---------- Study material

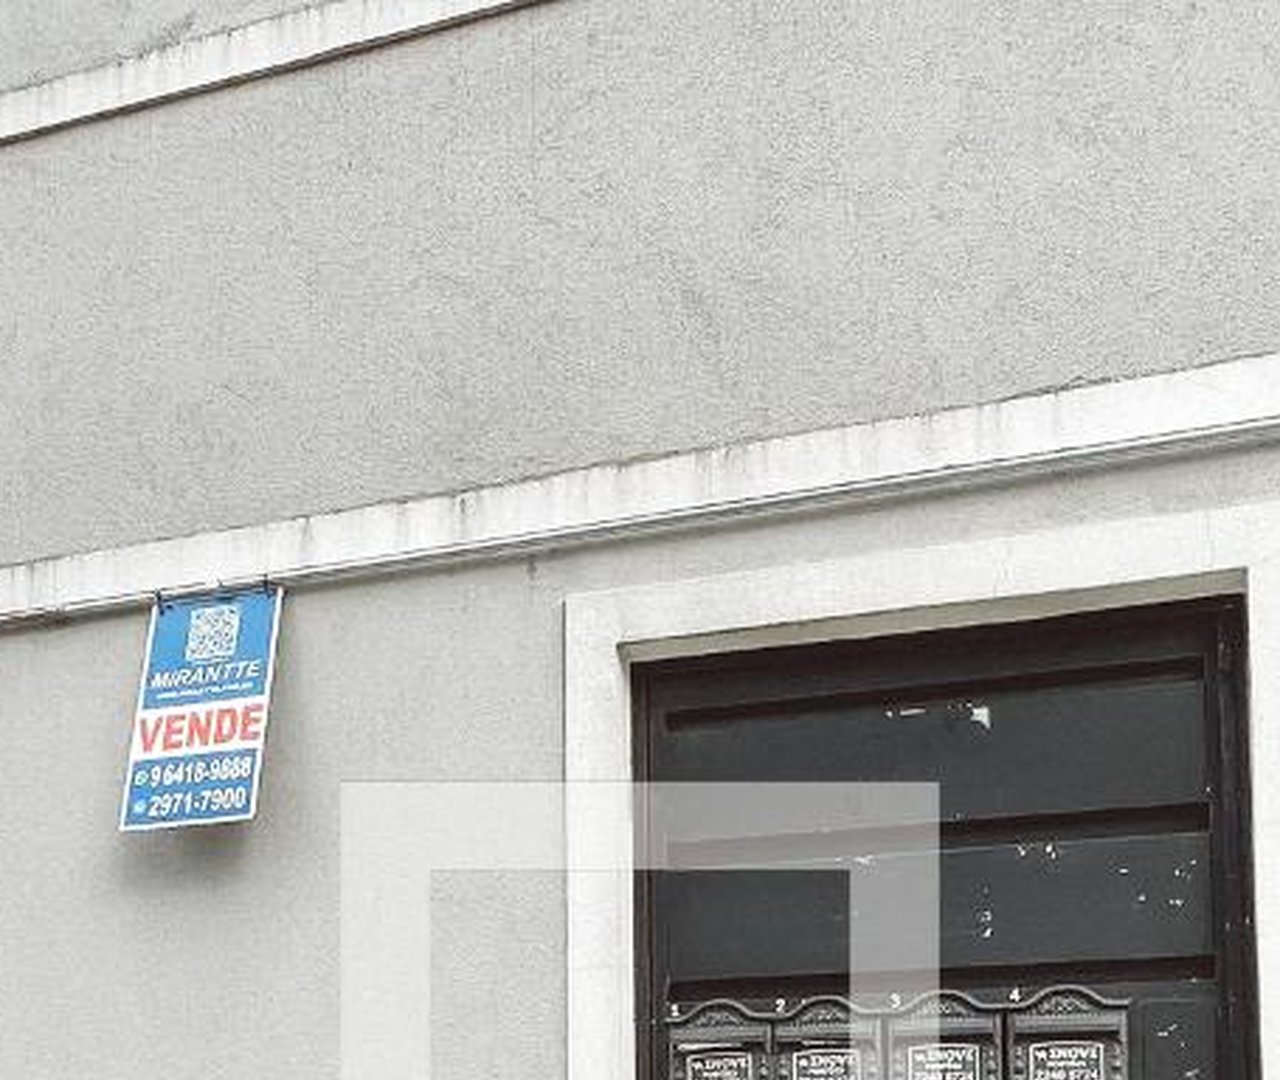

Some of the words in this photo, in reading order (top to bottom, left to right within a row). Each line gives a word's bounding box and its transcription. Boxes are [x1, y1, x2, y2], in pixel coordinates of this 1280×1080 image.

[138, 703, 264, 753] VENDE
[890, 993, 902, 1009] 3
[1009, 987, 1020, 1002] 4
[671, 1004, 680, 1017] 1
[775, 1000, 786, 1013] 2

--------------------

Task prompt:
Set the pictures aside and transcribe the data above exactly.

Output below:
Some of the words in this photo, in reading order (top to bottom, left to right within a row). Each line gives a word's bounding box and its transcription. Boxes are [x1, y1, x2, y2], in pixel coordinates of this 1280×1080 image.

[138, 703, 264, 753] VENDE
[890, 993, 902, 1009] 3
[1009, 987, 1020, 1002] 4
[671, 1004, 680, 1017] 1
[775, 1000, 786, 1013] 2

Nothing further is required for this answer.